[Assigned task]: Below are records to print word for word; include none of their pictures.

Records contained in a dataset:
[Start of section]

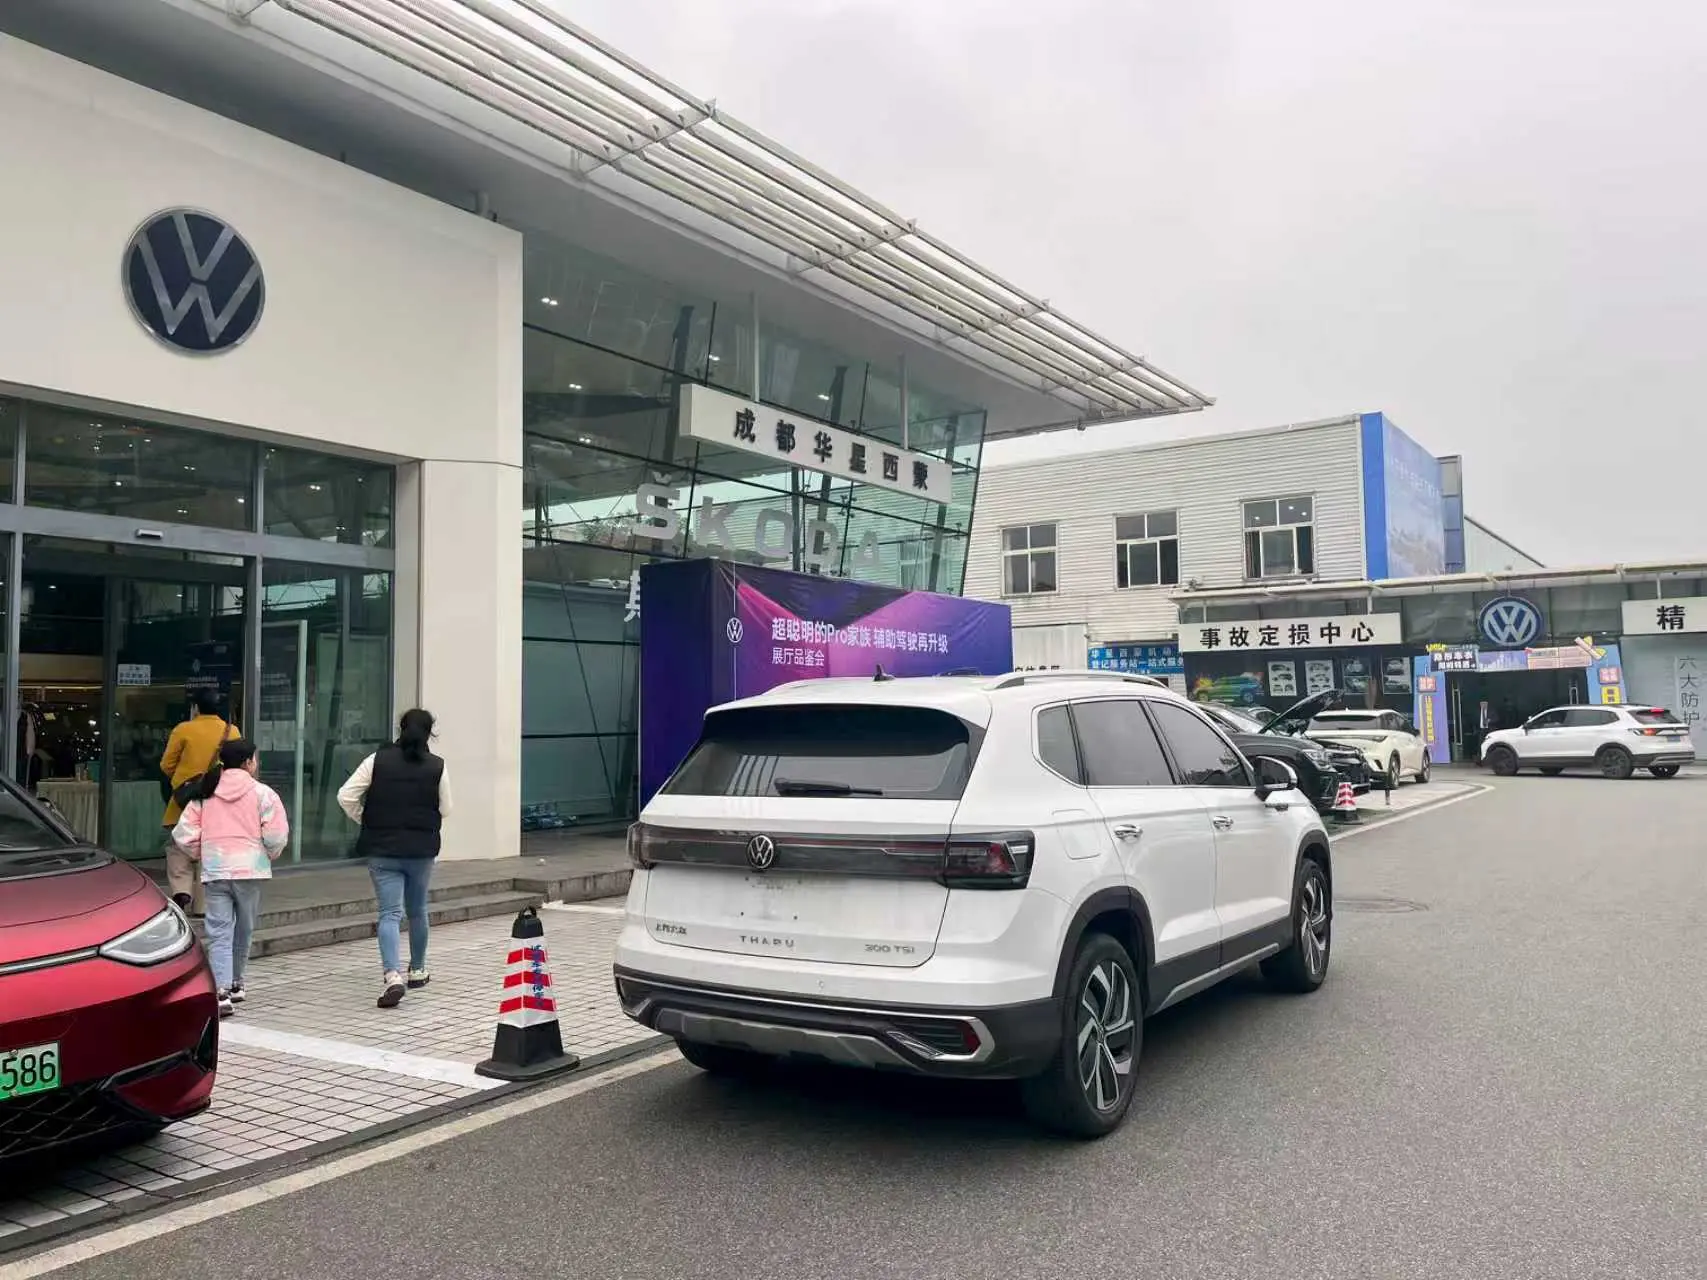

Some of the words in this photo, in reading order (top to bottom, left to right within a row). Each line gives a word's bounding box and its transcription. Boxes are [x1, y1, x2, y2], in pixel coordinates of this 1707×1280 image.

[733, 407, 930, 492] 成都华星西蒙
[1656, 605, 1686, 631] 精
[771, 617, 872, 648] 超聪明的Pro家族
[873, 626, 949, 654] 辅助驾驶再升级
[1200, 621, 1375, 649] 事故定损中心
[771, 647, 825, 666] 展厅品鉴会
[1679, 655, 1700, 726] 六大防护
[864, 943, 892, 953] 300
[893, 944, 916, 955] TSI
[1, 1050, 56, 1091] 586

[End of section]

[Response below]:
Some of the words in this photo, in reading order (top to bottom, left to right within a row). Each line gives a word's bounding box and its transcription. Boxes are [x1, y1, x2, y2], in pixel coordinates of this 1707×1280 image.

[733, 407, 930, 492] 成都华星西蒙
[1656, 605, 1686, 631] 精
[771, 617, 872, 648] 超聪明的Pro家族
[873, 626, 949, 654] 辅助驾驶再升级
[1200, 621, 1375, 649] 事故定损中心
[771, 647, 825, 666] 展厅品鉴会
[1679, 655, 1700, 726] 六大防护
[864, 943, 892, 953] 300
[893, 944, 916, 955] TSI
[1, 1050, 56, 1091] 586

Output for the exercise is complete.